Friday, January 21, 2022

Northeast Health District, Area Hospitals Report Some Easing Of COVID-19 Cases; Oconee County Schools Cases Increase

***Confirmed COVID-19 Deaths In Oconee, Clarke***

The 10-county Northeast Health District added 6,422 new cases of COVID-19 in the last seven days, and 17 confirmed deaths from the disease.

One of the confirmed deaths was in Oconee County, and three were in Clarke County.

The average number of added cases per day in the last seven days was 917.4 compared with 1,074.6 in the nine days ending on Jan. 14.

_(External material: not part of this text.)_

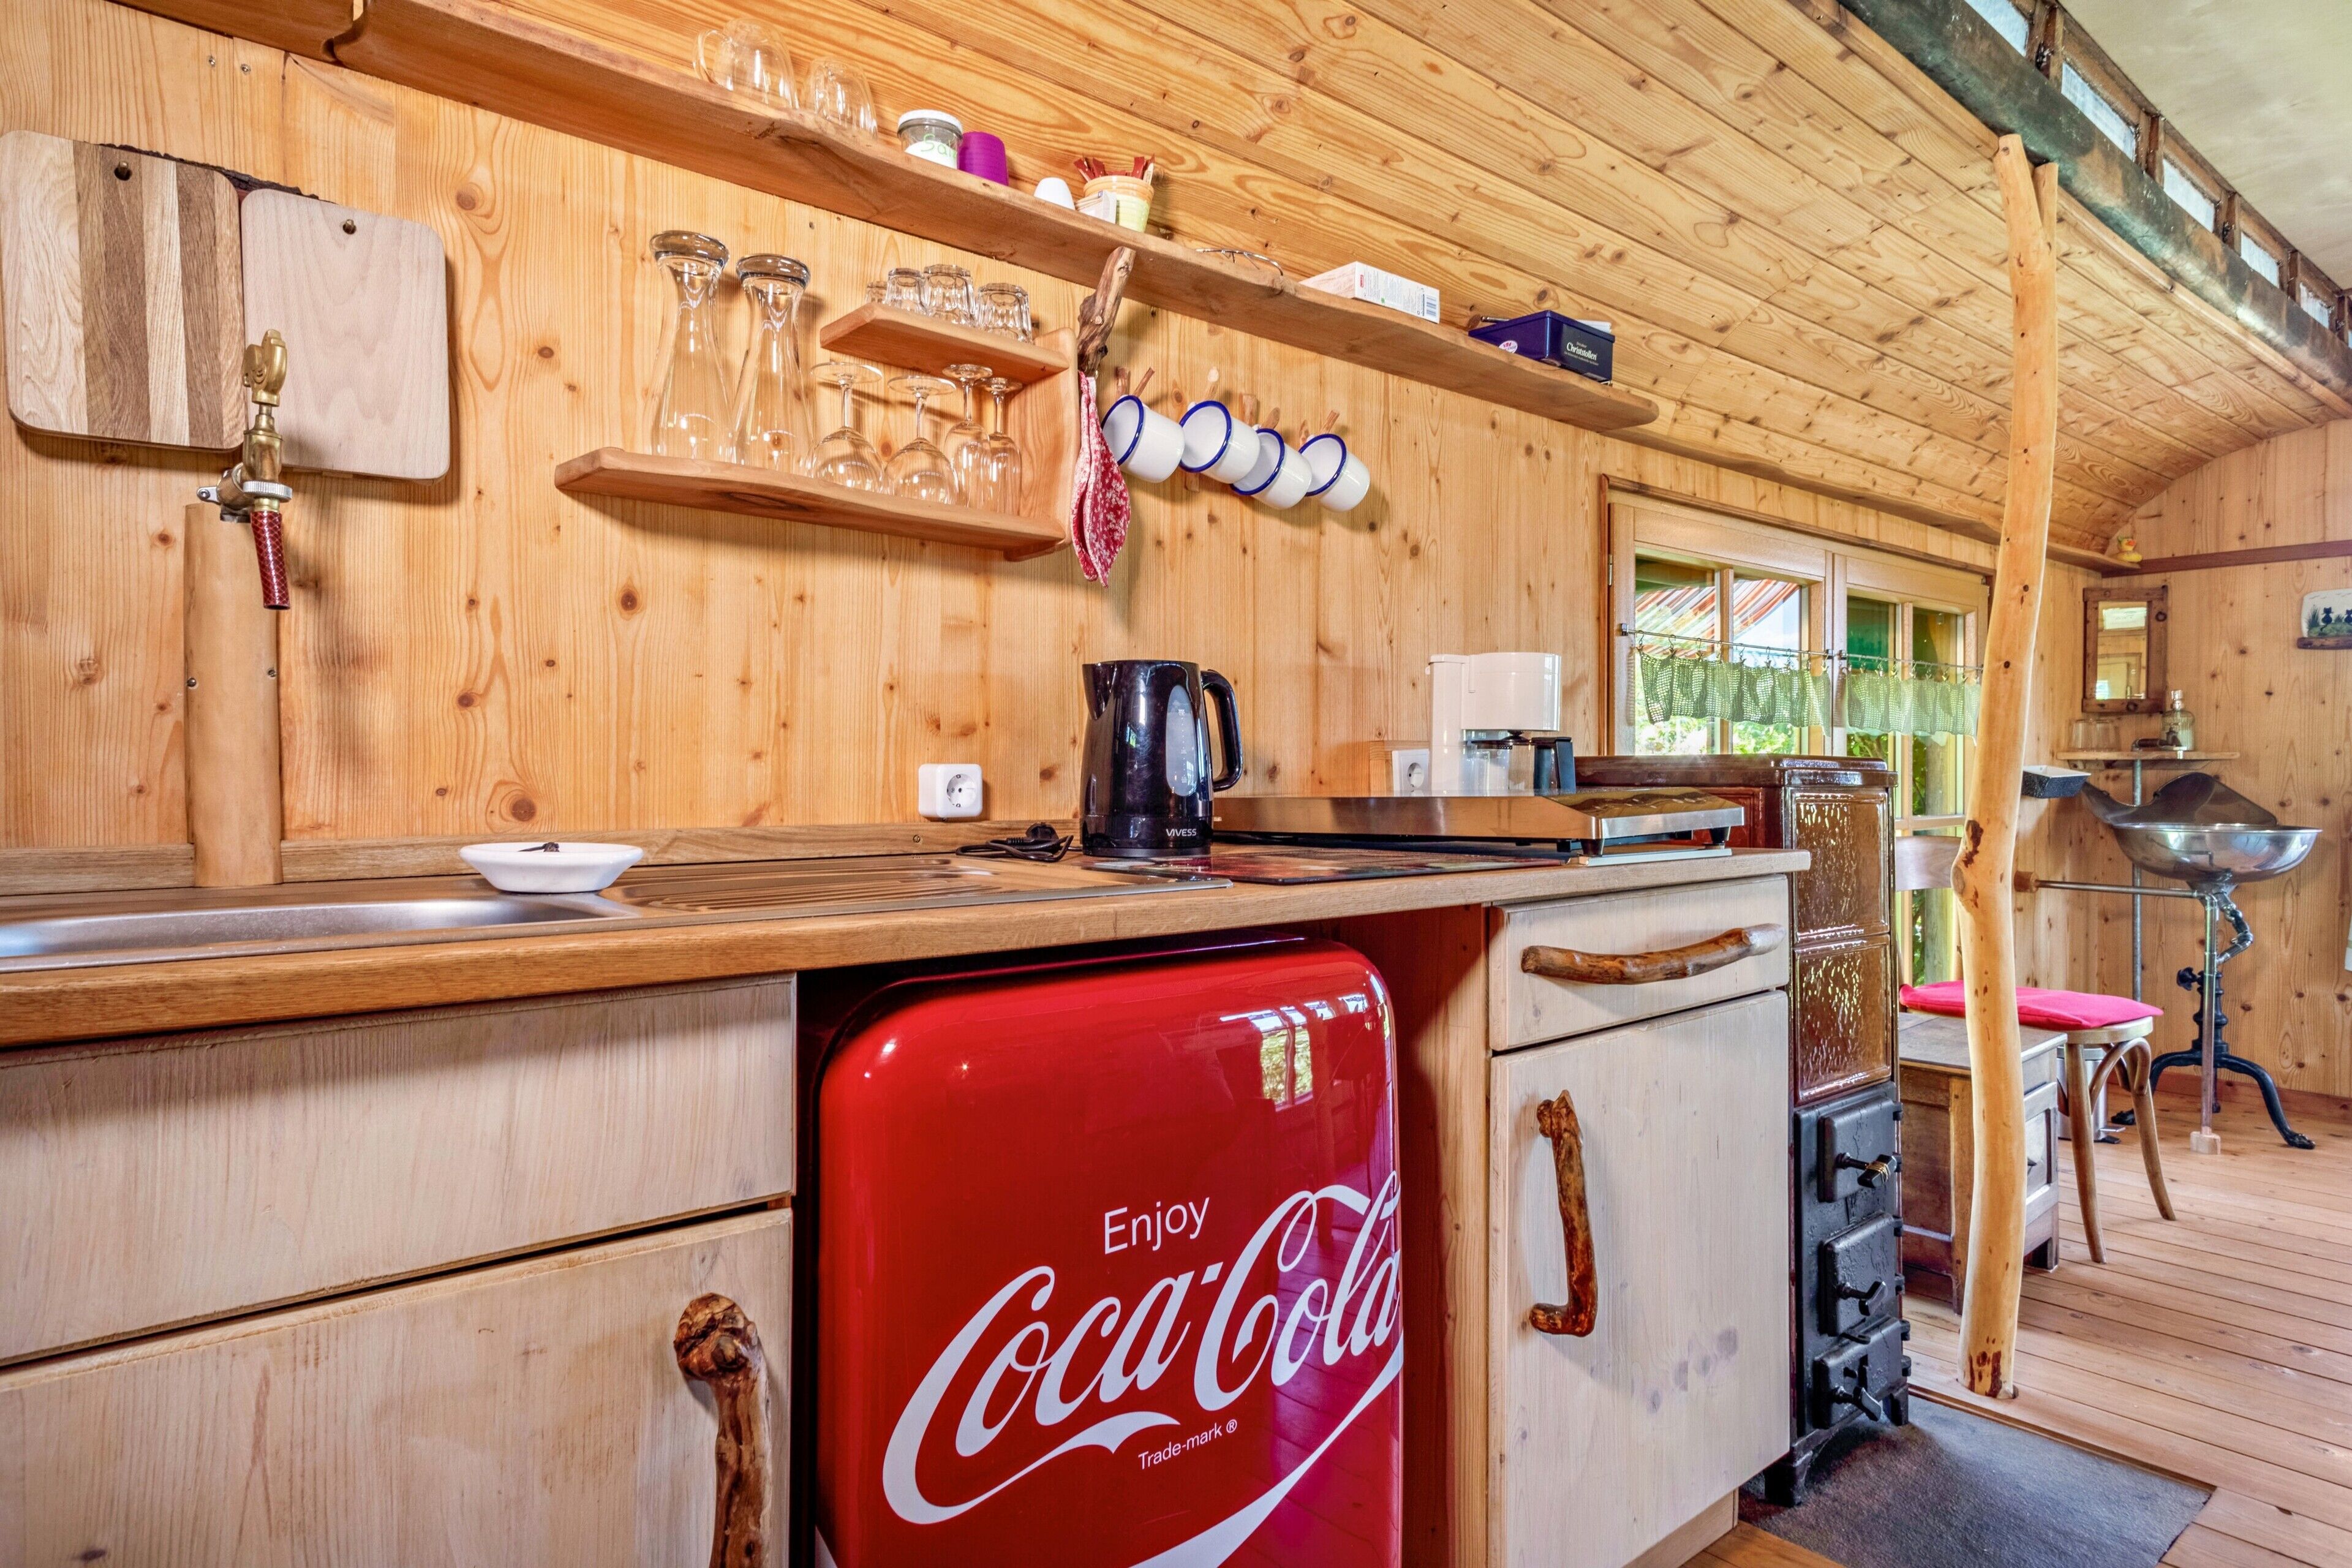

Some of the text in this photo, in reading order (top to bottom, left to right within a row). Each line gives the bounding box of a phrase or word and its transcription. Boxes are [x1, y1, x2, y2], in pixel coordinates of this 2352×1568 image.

The Georgia Department of Public Health did not release its usual Daily Status Report on Jan. 6 or 7, citing unspecified problems with its Electronic Laboratory Reporting system, necessitating the nine-day average computation last week

Oconee County added 518 cases on Friday, or an average of 70.4 cases per day, compared with 74 new cases in the nine days ending on Jan. 14, or 80.4 cases per day.

Clarke County added 1,660 new cases in the seven days ending on Friday, compared with 2,445 new cases in the nine days ending on Jan. 14. The 1,660 new cases on Friday is an average of 237.1 cases per day, compared with an average of 271.7 cases per day in the nine days ending on Jan. 14.

Rolling Averages

The seven-day rolling average of added cases in Oconee County on Friday per 100,000 population was 180.8. and it was 187.0 in Clarke County.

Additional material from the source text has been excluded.